Center for Computational Biology, University of California, Berkeley, CA 94720, United States of America.
Department of Statistics, University of California, Berkeley, CA 94720, United States of America; Computer Science Division, University of California, Berkeley, CA 94720, United States of America; Chan Zuckerberg Biohub, San Francisco, CA 94158, United States of America.
Theor Popul Biol. 2021 Oct;141:34-43. doi: 10.1016/j.tpb.2021.06.003. Epub 2021 Jun 26.
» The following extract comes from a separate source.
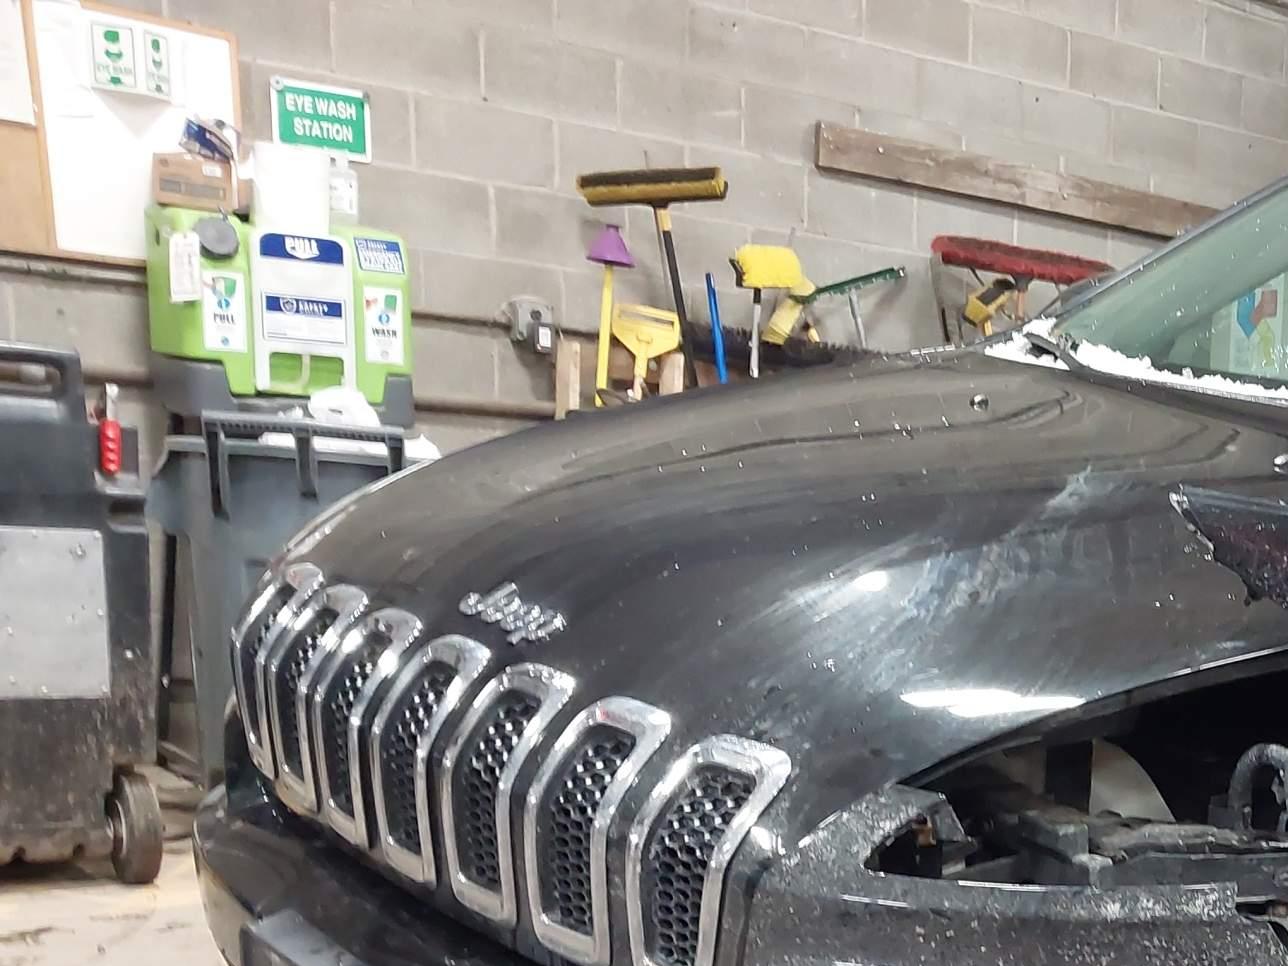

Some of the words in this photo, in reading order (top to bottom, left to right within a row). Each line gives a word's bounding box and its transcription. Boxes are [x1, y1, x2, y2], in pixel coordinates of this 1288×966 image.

[285, 91, 313, 114] EYE
[314, 96, 356, 121] WASH
[293, 116, 353, 143] STATION
The ancestral recombination graph (ARG) contains the full genealogical information of the sample, and many population genetic inference problems can be solved using inferred or sampled ARGs. In particular, the waiting distance between tree changes along the genome can be used to make inference about the distribution and evolution of recombination rates. To this end, we here derive an analytic expression for the distribution of waiting distances between tree changes under the sequentially Markovian coalescent model and obtain an accurate approximation to the distribution of waiting distances for topology changes. We use these results to show that some of the recently proposed methods for inferring sequences of trees along the genome provide strongly biased distributions of waiting distances. In addition, we provide a correction to an undercounting problem facing all available ARG inference methods, thereby facilitating the use of ARG inference methods to estimate temporal changes in the recombination rate.
祖先重组图(ARG)包含了样本的完整谱系信息,并且可以使用推断或采样的 ARG 来解决许多群体遗传推断问题。特别是,沿着基因组的树变化之间的等待距离可用于推断重组率的分布和演化。为此,我们在此推导出了顺序马尔可夫凝聚模型下树变化之间等待距离分布的解析表达式,并获得了拓扑变化等待距离分布的精确逼近。我们使用这些结果表明,最近提出的一些用于推断基因组中树序列的方法提供了强烈偏向的等待距离分布。此外,我们还解决了所有可用的 ARG 推断方法都面临的一个计数不足问题,从而促进了使用 ARG 推断方法来估计重组率的时间变化。